Every line from the one with "this 1600×1131 image." through the end of the entries below should be written out exactly; the pictures should not.

━━━━━━━━━━━━━━━━━━━━

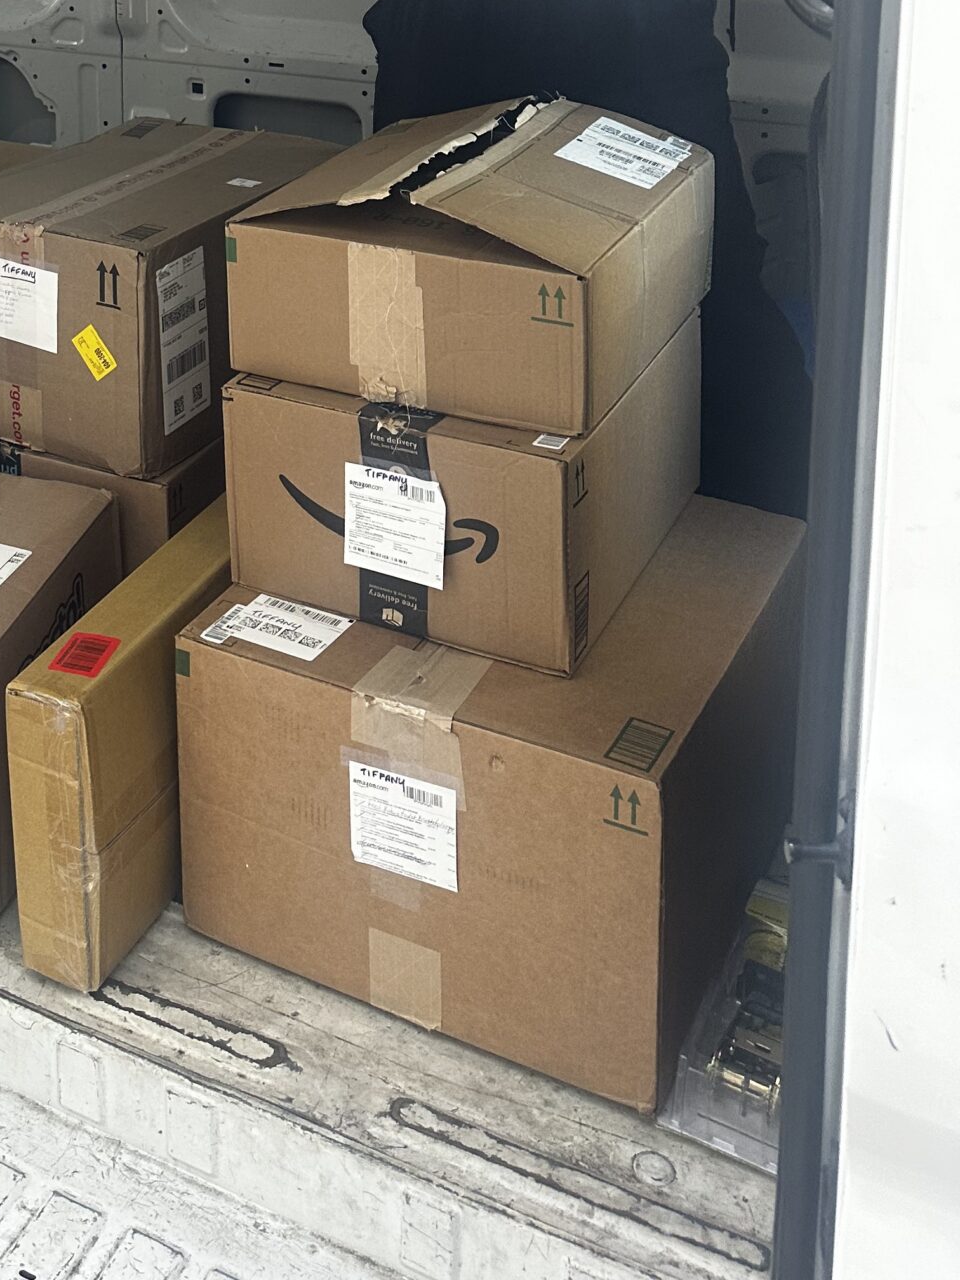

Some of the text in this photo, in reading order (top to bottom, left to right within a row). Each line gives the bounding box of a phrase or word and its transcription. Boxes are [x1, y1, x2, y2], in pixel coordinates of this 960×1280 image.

[370, 432, 418, 450] free delivery
[349, 479, 384, 491] amazon.com
[368, 588, 418, 611] free delivery
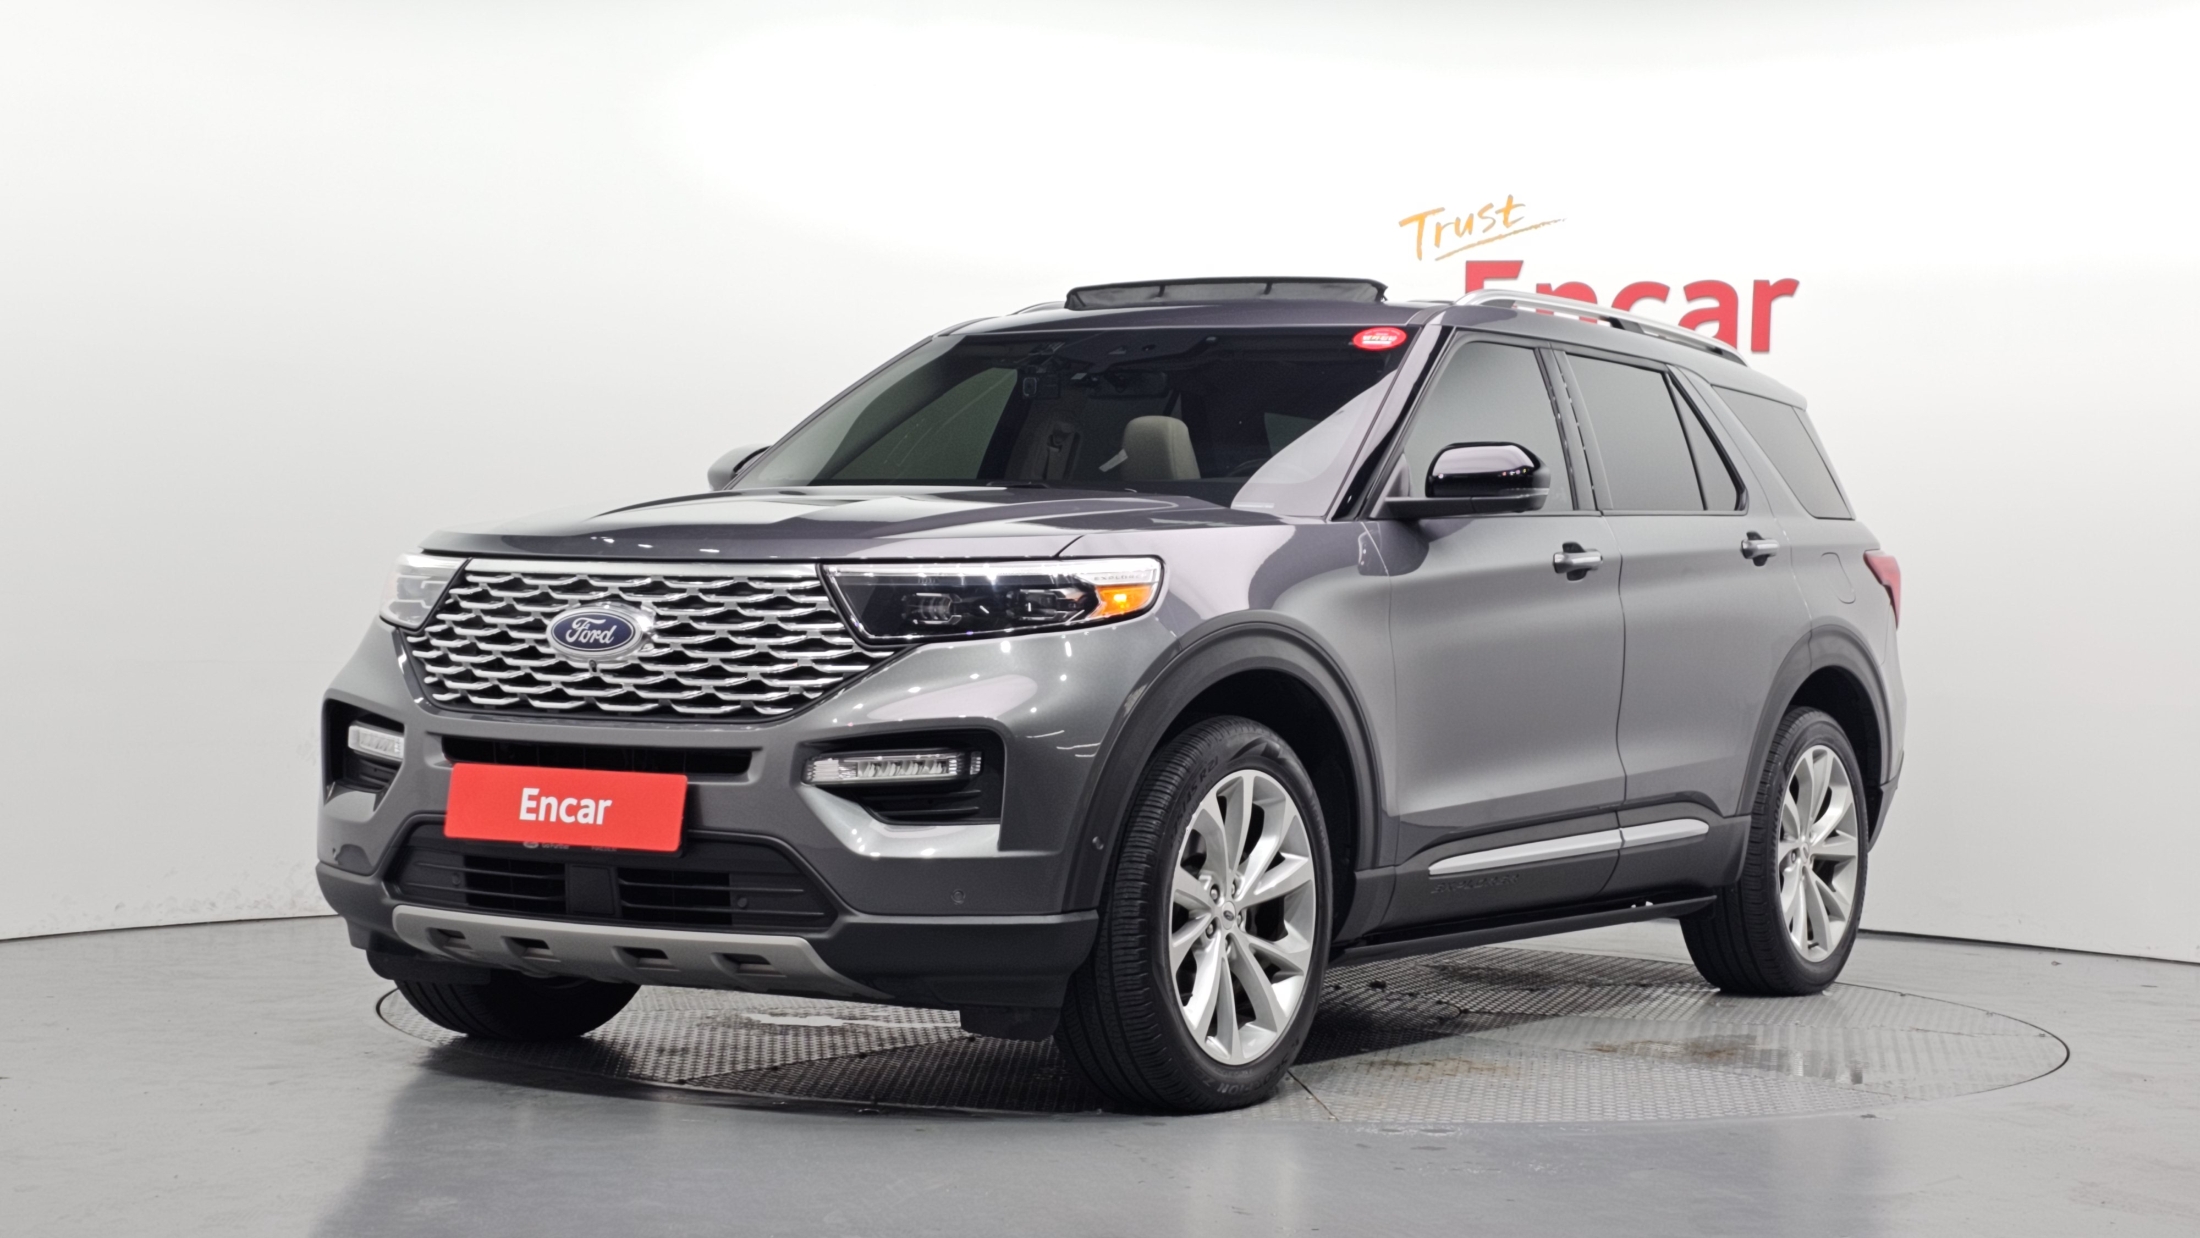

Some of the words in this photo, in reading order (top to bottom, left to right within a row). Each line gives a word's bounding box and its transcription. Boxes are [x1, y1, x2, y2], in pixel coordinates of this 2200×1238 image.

[1398, 194, 1525, 261] Trust
[565, 617, 617, 644] Ford
[519, 787, 613, 825] Encar
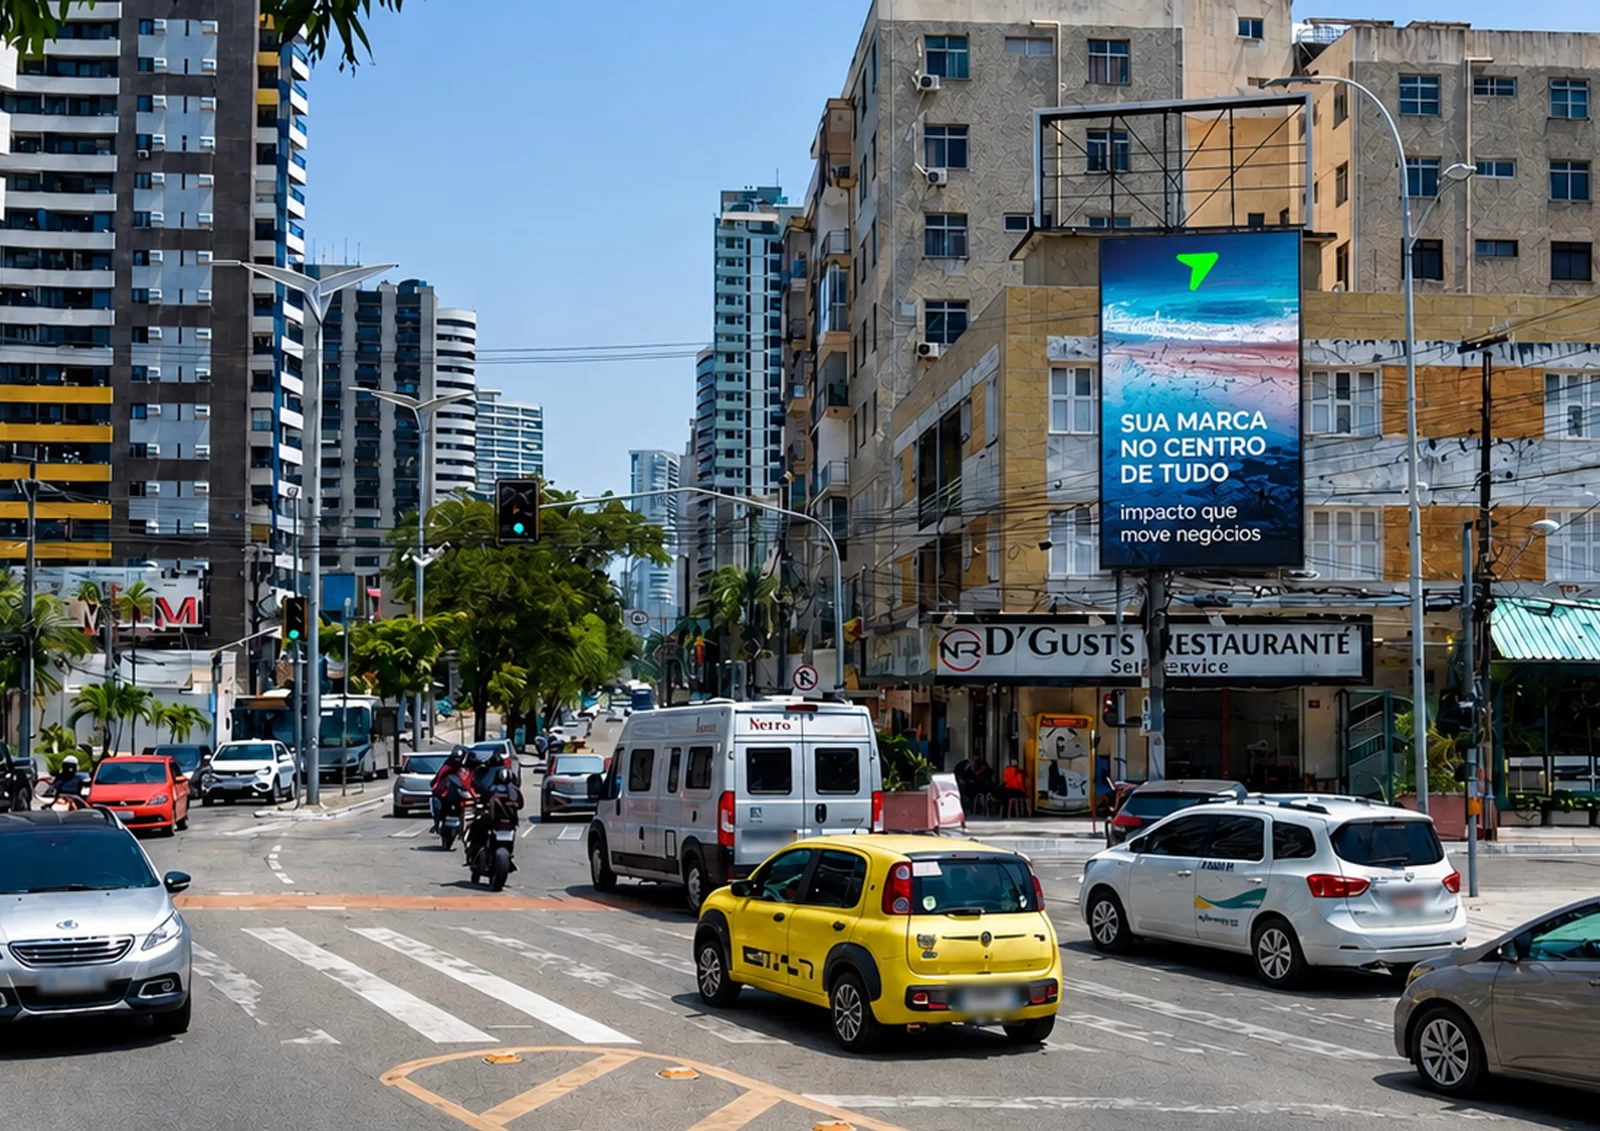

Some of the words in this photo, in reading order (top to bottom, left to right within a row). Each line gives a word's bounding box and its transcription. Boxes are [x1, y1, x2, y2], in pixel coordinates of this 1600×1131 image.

[1121, 412, 1170, 433] SUA
[1177, 410, 1268, 431] MARCA
[1121, 438, 1157, 458] NO
[1164, 436, 1266, 457] CENTRO
[1121, 464, 1153, 484] DE
[1159, 462, 1229, 483] TUDO
[1120, 504, 1197, 524] impacto
[1201, 505, 1238, 523] que
[1121, 529, 1171, 542] move
[1176, 524, 1261, 546] negócios
[1165, 658, 1229, 674] ervice
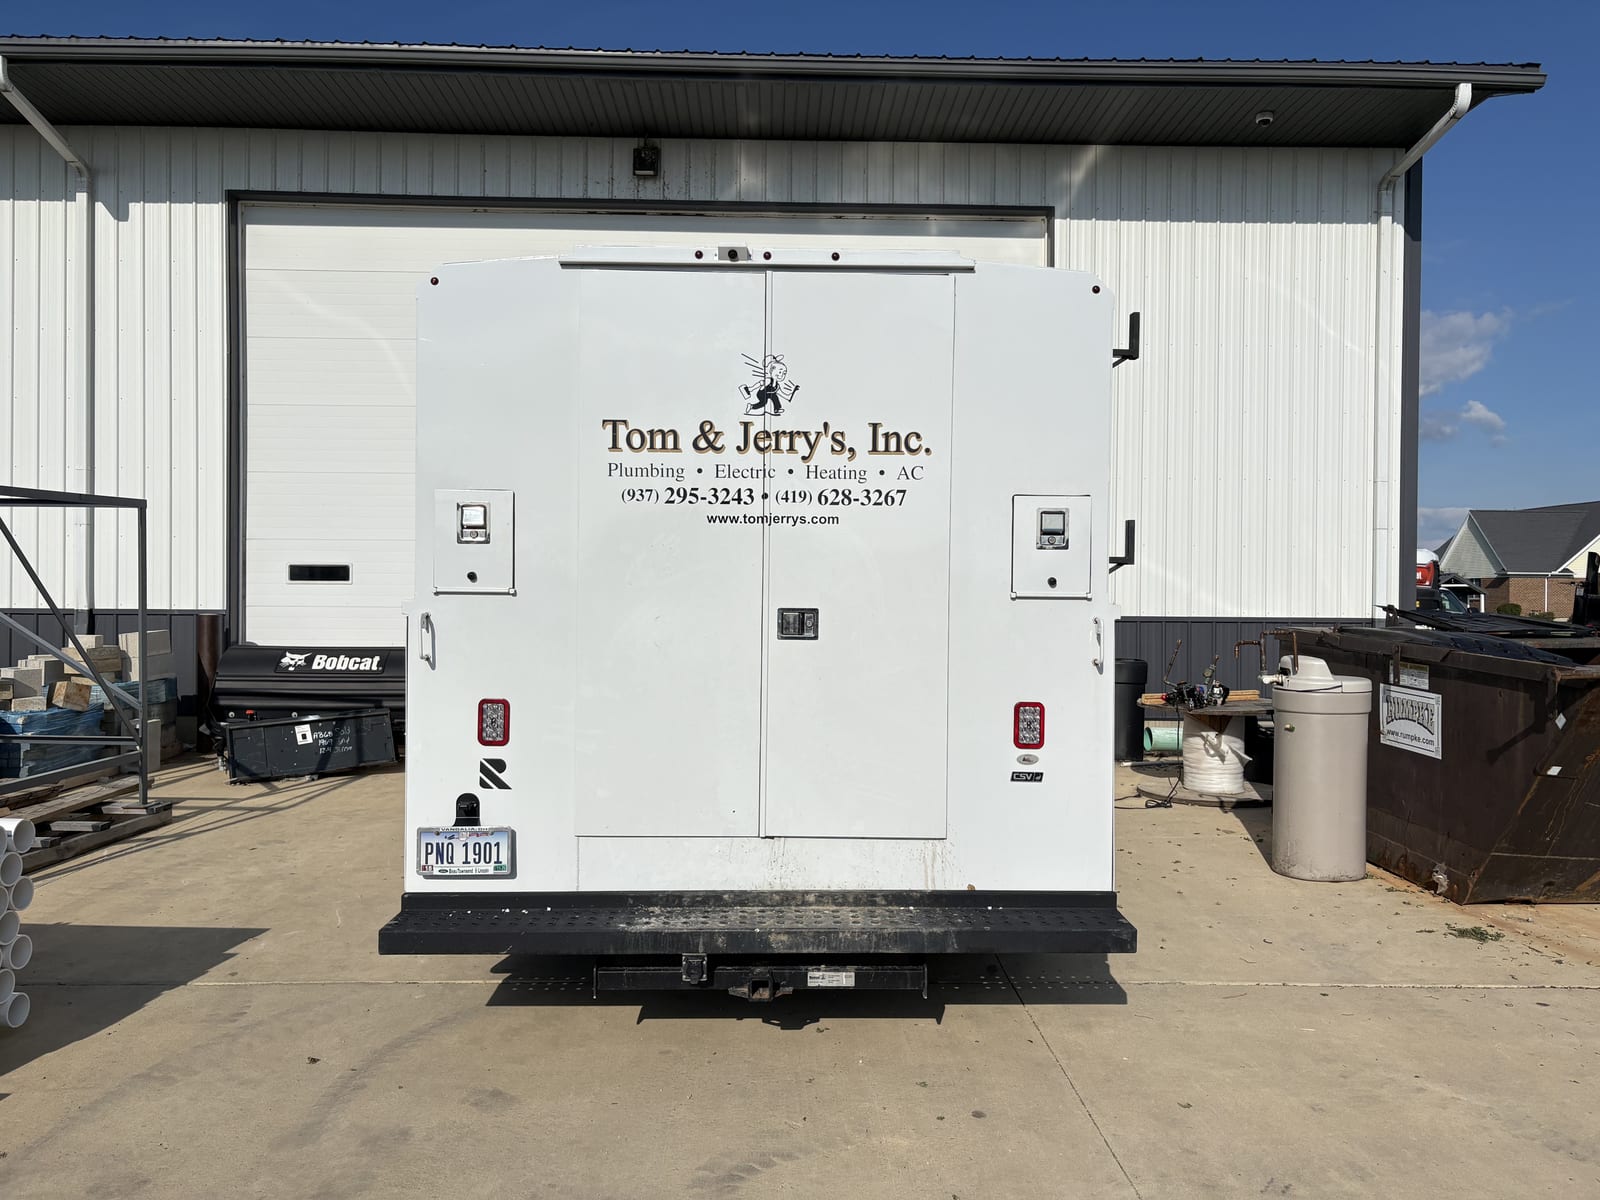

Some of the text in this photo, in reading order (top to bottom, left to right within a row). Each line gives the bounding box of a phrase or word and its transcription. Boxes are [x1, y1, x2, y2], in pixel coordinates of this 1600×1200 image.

━━━━━━━━━━━━━━━━━━━━

** Solution for this problem **
Some of the words in this photo, in reading order (top to bottom, left to right within a row). Each line gives a word's bounding box and its transcription. Boxes are [x1, y1, x2, y2], in pixel coordinates of this 1600×1131 image.

[1121, 412, 1170, 433] SUA
[1177, 410, 1268, 431] MARCA
[1121, 438, 1157, 458] NO
[1164, 436, 1266, 457] CENTRO
[1121, 464, 1153, 484] DE
[1159, 462, 1229, 483] TUDO
[1120, 504, 1197, 524] impacto
[1201, 505, 1238, 523] que
[1121, 529, 1171, 542] move
[1176, 524, 1261, 546] negócios
[1165, 658, 1229, 674] ervice

Some of the text in this photo, in reading order (top to bottom, left to right within a row). Each line gives the bounding box of a phrase or word and its transcription. Boxes are [x1, y1, x2, y2], in pixel coordinates of this 1600×1200 image.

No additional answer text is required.